Your objective: If a picture appears in the records, leave it out and transcribe the rest exactly.

Saved entries:
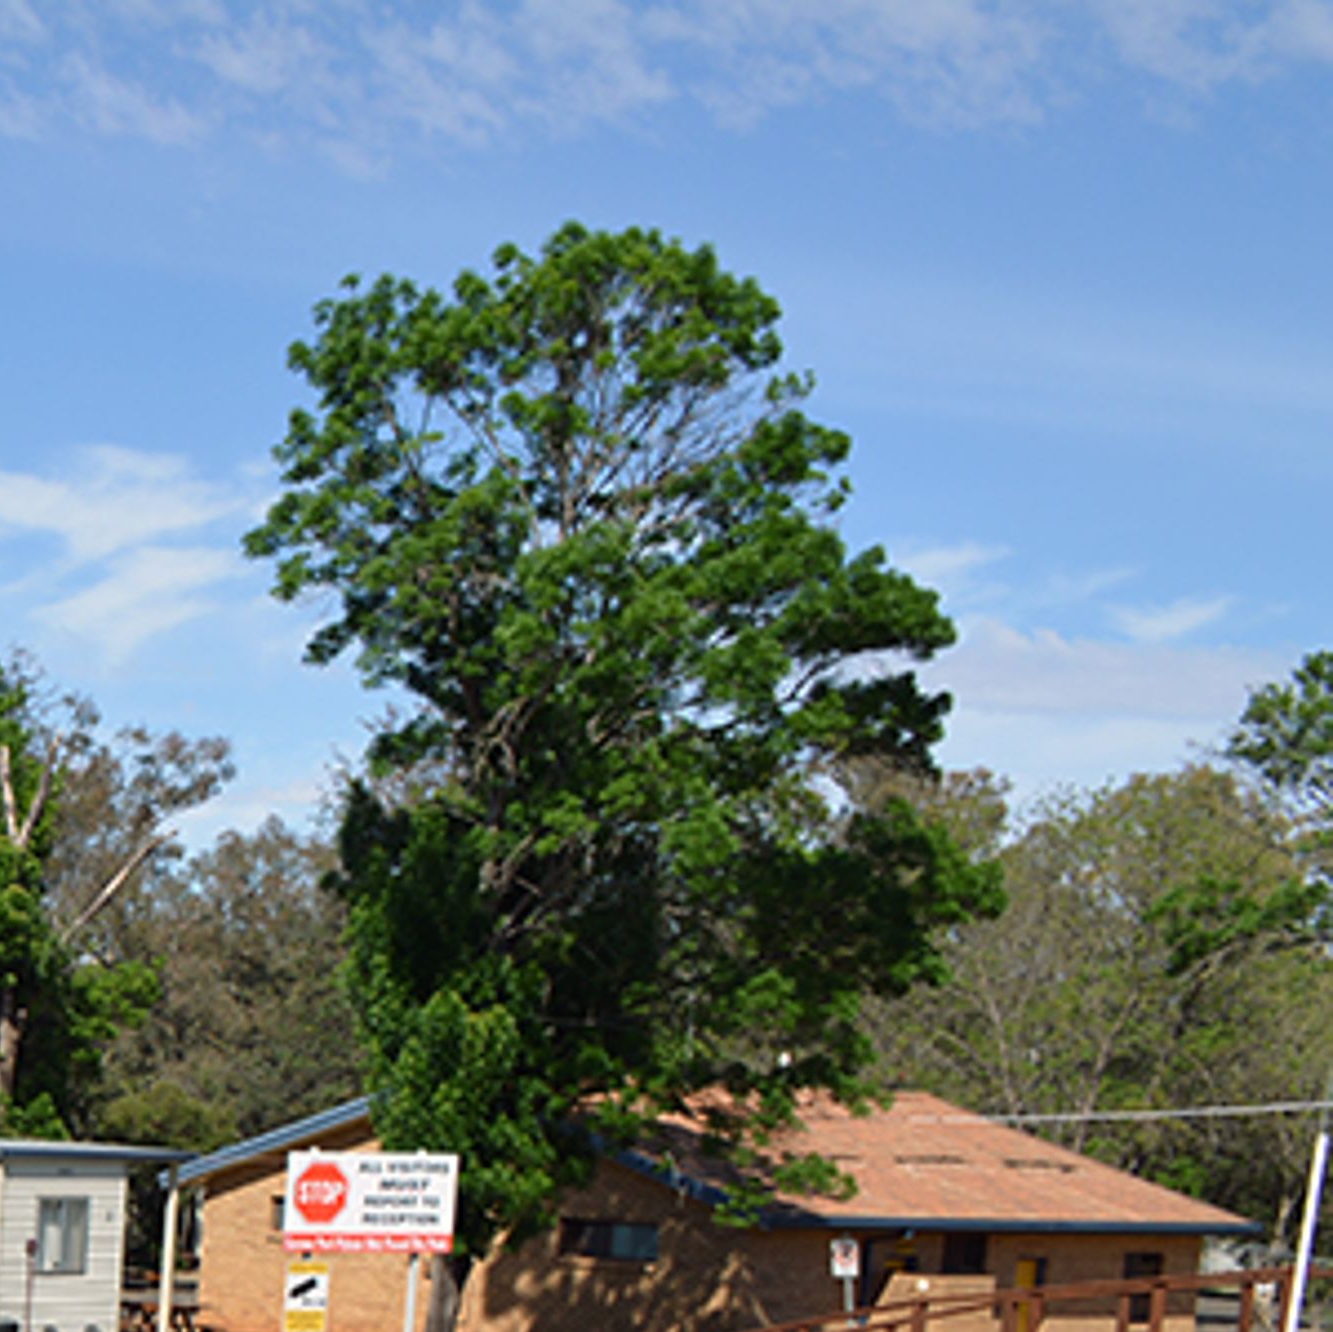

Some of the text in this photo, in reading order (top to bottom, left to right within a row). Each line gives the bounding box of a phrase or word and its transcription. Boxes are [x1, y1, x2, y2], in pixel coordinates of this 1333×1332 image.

[388, 1162, 449, 1174] VISITORS
[299, 1180, 344, 1205] STOP
[362, 1212, 439, 1225] RECEPTION
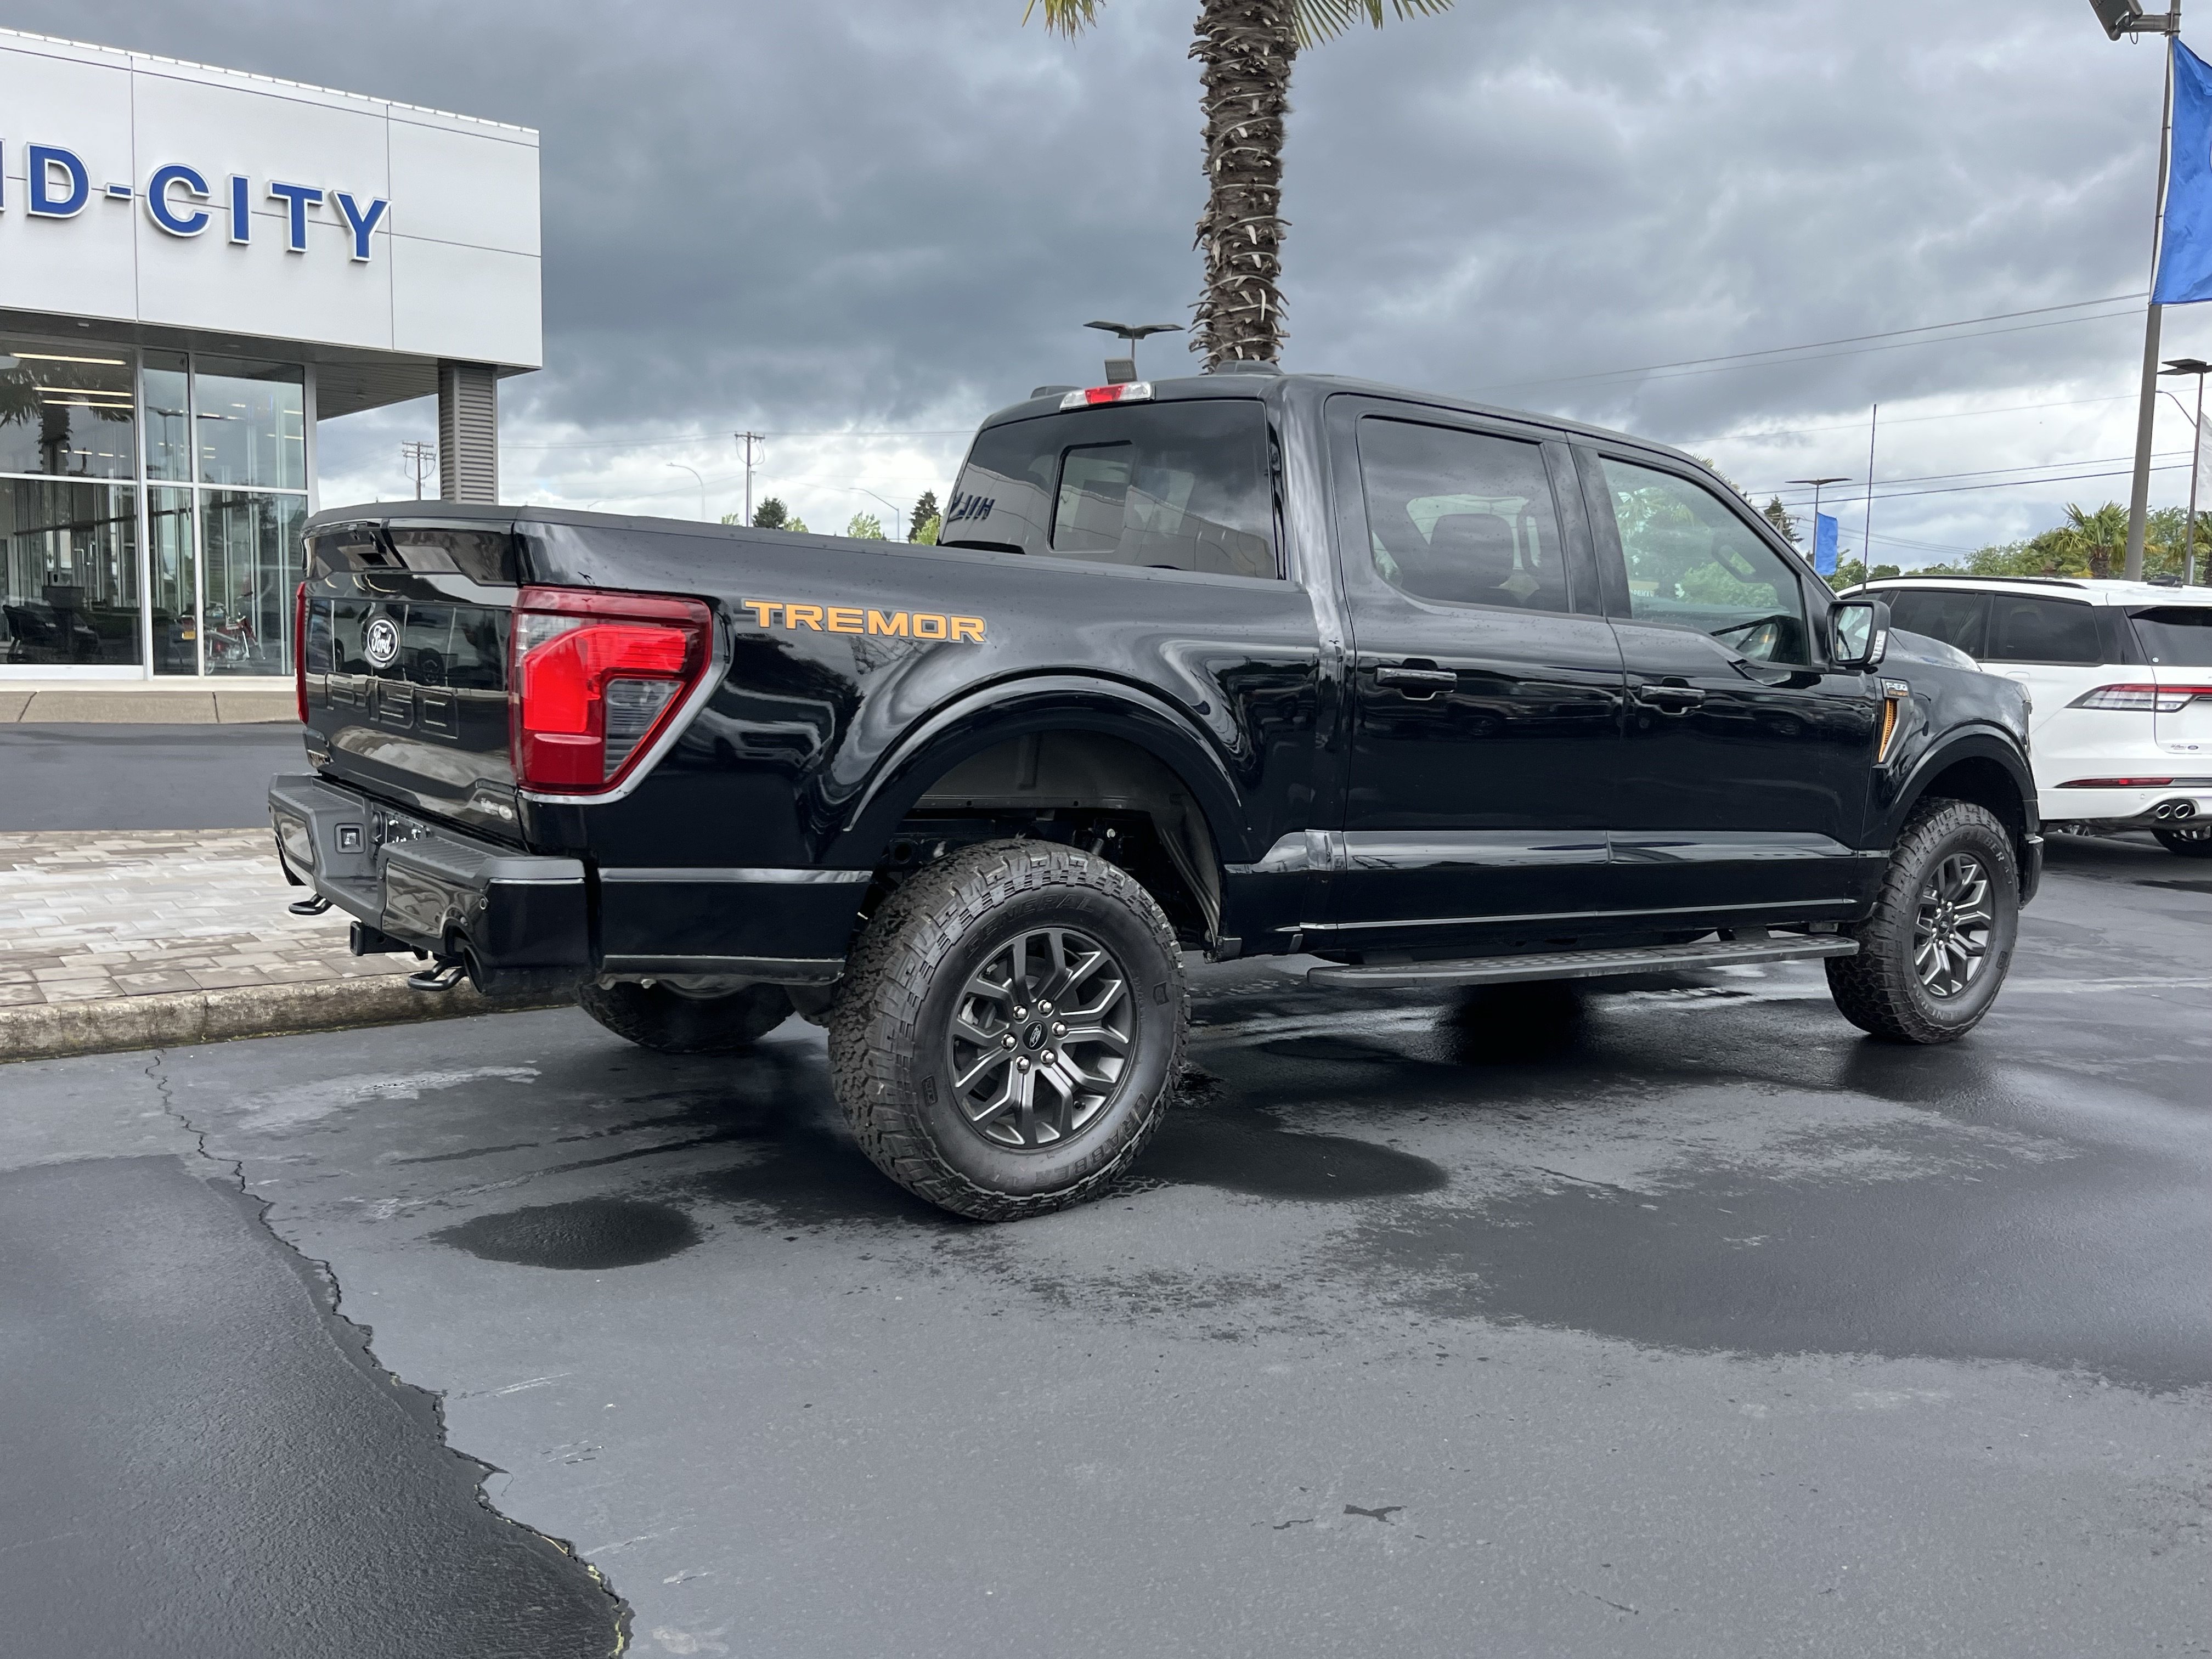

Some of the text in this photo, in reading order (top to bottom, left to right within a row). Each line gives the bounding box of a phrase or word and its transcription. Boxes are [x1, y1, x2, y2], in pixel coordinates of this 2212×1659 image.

[0, 138, 391, 262] D-CITY
[744, 600, 985, 643] TREMOR
[963, 894, 1094, 960] GENERAL
[1035, 1091, 1149, 1187] GRABBER

Written solution:
Some of the text in this photo, in reading order (top to bottom, left to right within a row). Each line gives the bounding box of a phrase or word and its transcription. Boxes are [x1, y1, x2, y2], in pixel coordinates of this 1333×1332 image.

[388, 1162, 449, 1174] VISITORS
[299, 1180, 344, 1205] STOP
[362, 1212, 439, 1225] RECEPTION

Some of the text in this photo, in reading order (top to bottom, left to right within a row). Each line gives the bounding box of a phrase or word and its transcription. Boxes are [x1, y1, x2, y2], in pixel coordinates of this 2212×1659 image.

[0, 138, 391, 262] D-CITY
[744, 600, 985, 643] TREMOR
[963, 894, 1094, 960] GENERAL
[1035, 1091, 1149, 1187] GRABBER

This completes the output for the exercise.